Nestas primeiras duas décadas deste século, enquanto a Ciência e a tecnologia impulsionam um vertiginoso processo de globalização, centrada quase que exclusivamente na economia, no comércio de bens e serviços cada vez mais sofisticados, o ideal de um compromisso de partilhar valores universais e solidariedade entre os povos é pouco mais que uma utopia.
Nos vinte primeiros anos do século 21 temos testemunhado crescente esvaziamento de tratados e organismos multilaterais, como a Organização Mundial do Comércio, o Acordo de Paris (Acordo do Clima), a Organização Mundial da Saúde (OMS) e a própria ONU. Ao mesmo tempo, é crescente o número de governos autoritários, que estimulam nacionalismos e, não raro, perseguições a etnias minoritárias dentro de seus próprios países.
Mesmo em algumas nações centrais, com peso decisivo para os interesses da sociedade planetária, inspirações nacionalistas exacerbadas movimentam governantes no sentido de enfraquecer o multilateralismo, único caminho para a busca de formas solidárias de convivência entre os povos da Terra.
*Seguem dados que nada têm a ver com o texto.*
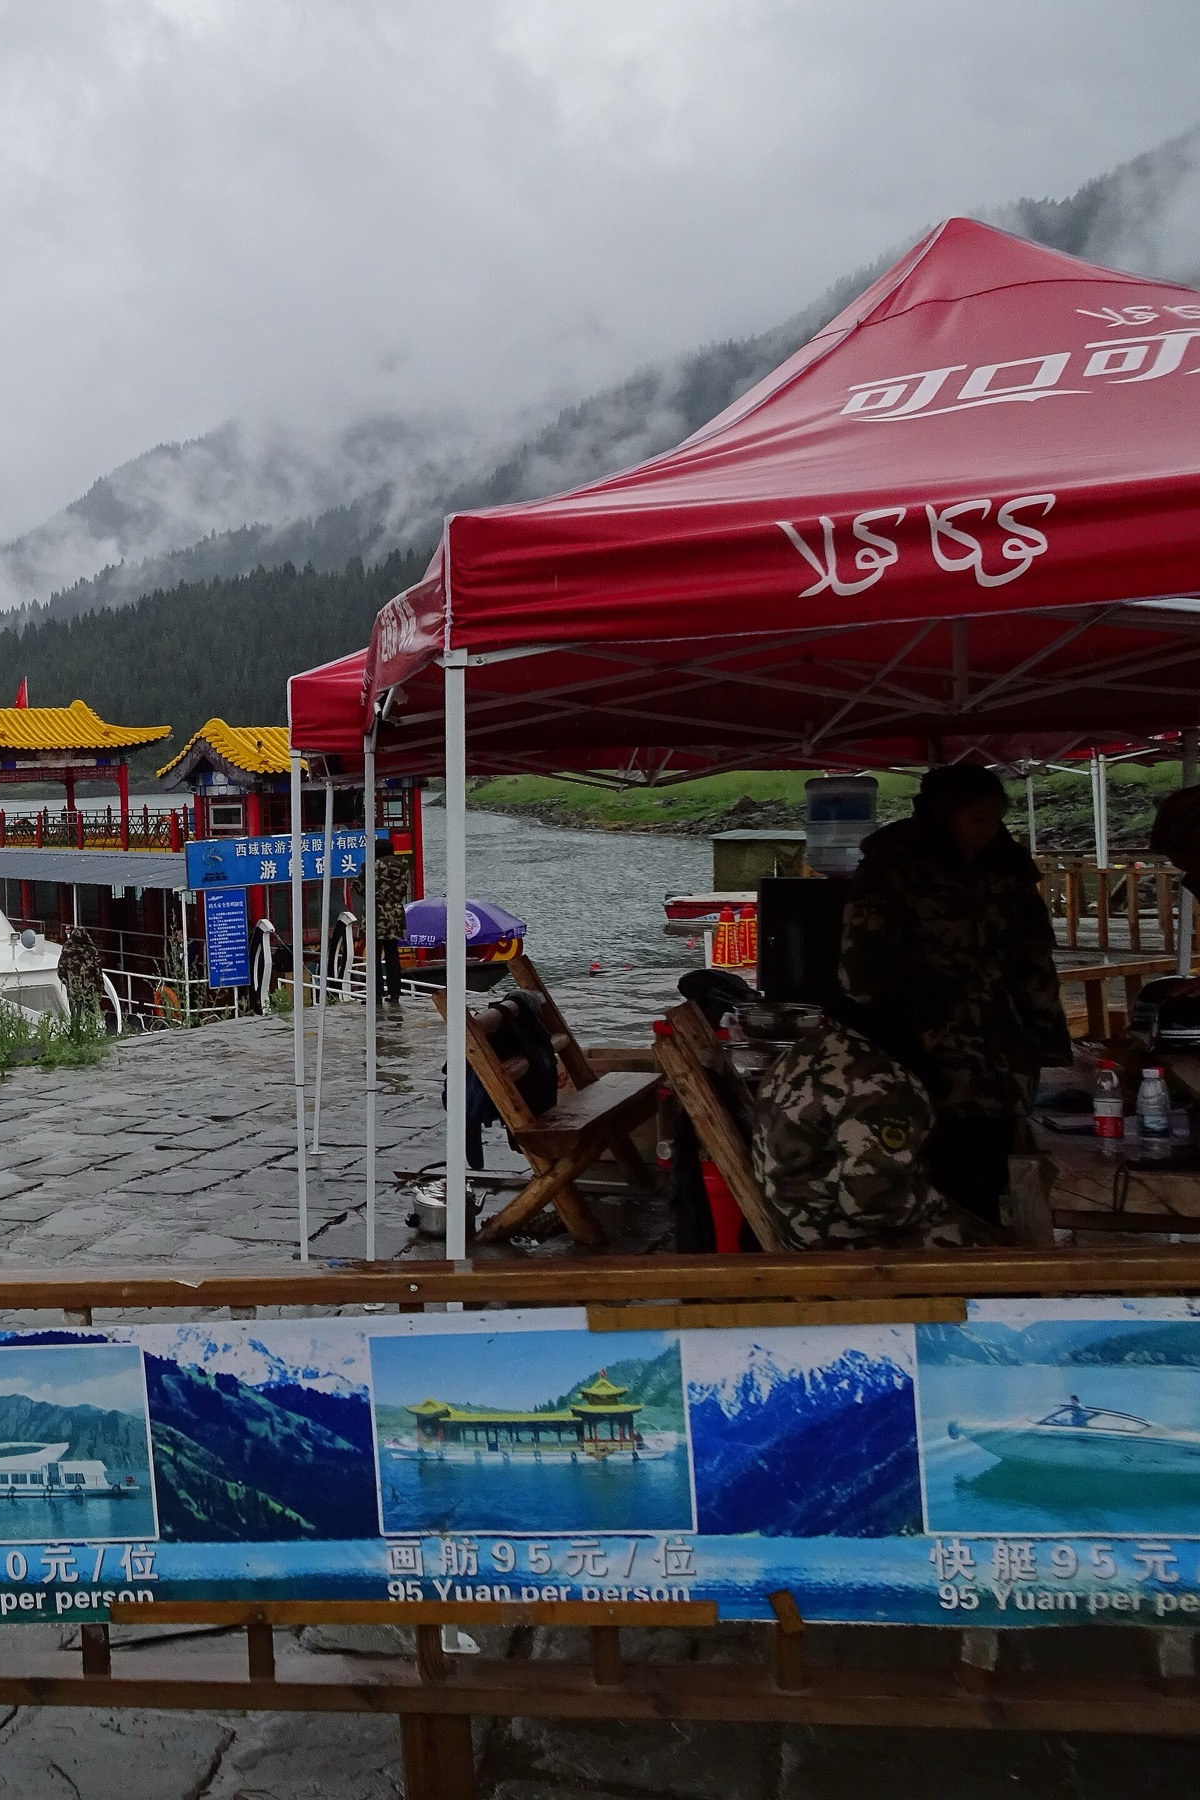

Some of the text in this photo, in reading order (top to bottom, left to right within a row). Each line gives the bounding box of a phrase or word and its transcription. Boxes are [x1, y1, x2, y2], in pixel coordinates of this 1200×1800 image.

[840, 327, 1200, 422] 可口可
[386, 1535, 697, 1578] 画舫95元/位
[929, 1538, 1200, 1583] 快艇95元
[0, 1592, 47, 1615] per
[55, 1589, 154, 1614] person
[387, 1579, 691, 1602] 95 Yuan per person
[938, 1584, 979, 1611] 95
[991, 1583, 1078, 1611] Yuan
[1087, 1591, 1146, 1615] per
Enquanto isso, diante da mais dura provação a que a sociedade global foi – e segue – submetida neste século, a Ciência, felizmente, dá provas de que, muito além das dissenções geopolíticas, disputas econômicas ou corridas por dominação tecnológica, posta-se na vanguarda de uma solidariedade global que os líderes políticos ainda não foram capazes de esboçar:
A forma como pesquisadores e cientistas de todo o mundo, ligados a universidades, farmacêuticas e centros de investigação científica públicos e privados, foram capazes de se articular em equipes transnacionais que produziram, em tempo recorde, diversas vacinas que se mostram promissoras para combater a pandemia de Covid-19, expressa, de modo contundente, que ainda há esperança de que podemos avançar, mesmo que lentamente, na construção de uma sociedade global mais solidária.
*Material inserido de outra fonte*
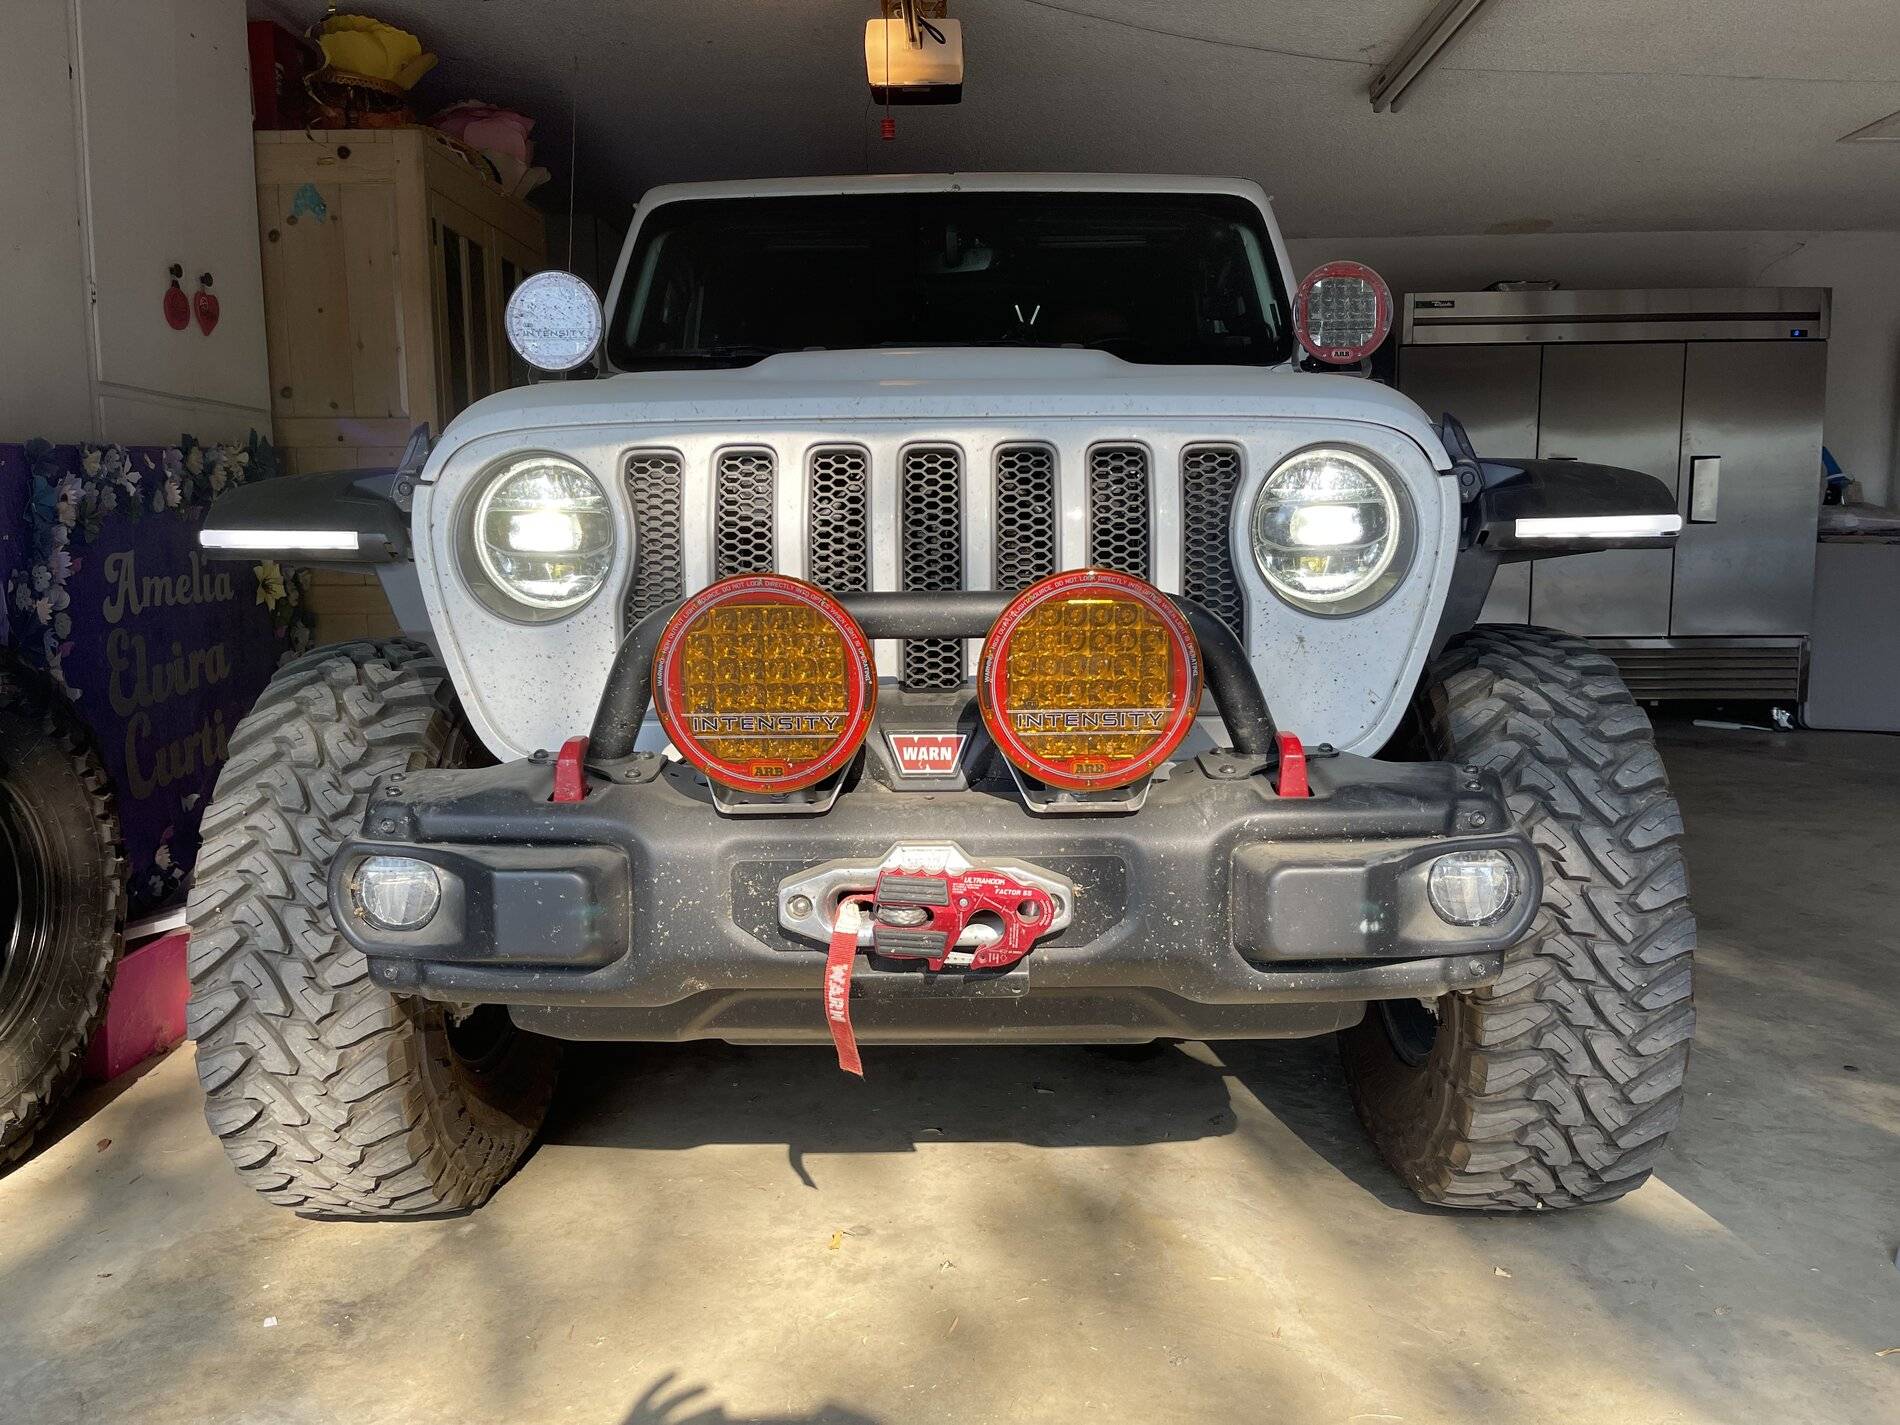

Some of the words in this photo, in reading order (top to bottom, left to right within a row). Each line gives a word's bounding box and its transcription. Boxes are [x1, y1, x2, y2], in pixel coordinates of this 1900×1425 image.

[522, 329, 585, 338] INTENSITY
[103, 549, 235, 623] Amelia
[669, 618, 685, 639] OUTPUT
[683, 604, 698, 619] LIGHT
[731, 582, 745, 590] NOT
[765, 583, 794, 591] DIRECTLY
[844, 623, 856, 640] LIGHT
[106, 627, 231, 717] Elvira
[692, 715, 840, 732] INTENSITY
[1017, 711, 1165, 728] INTENSITY
[903, 746, 952, 761] WARN
[753, 766, 784, 777] ARB
[1074, 763, 1105, 774] ARB
[964, 877, 1006, 886] ULTRAHOOK
[994, 888, 1021, 897] FACTOR
[828, 964, 849, 1023] WARN
Resta torcer para que as lideranças políticas mundiais sejam capazes de edificar, sobre o magnífico acervo de interação planetária que a Ciência constrói hoje em favor da humanidade, os alicerces que nos permitam sonhar com uma sociedade globalizada, no sentido de que todos possamos, de alguma forma, usufruir de um planeta que seja, de fato, a casa de todos nós.
Este é, sem dúvida, o grande desafio civilizatório deste ainda jovem século 21.
*Iran Coelho das Neves
Presidente do Tribunal de Contas do Estado de Mato Grosso do Sul.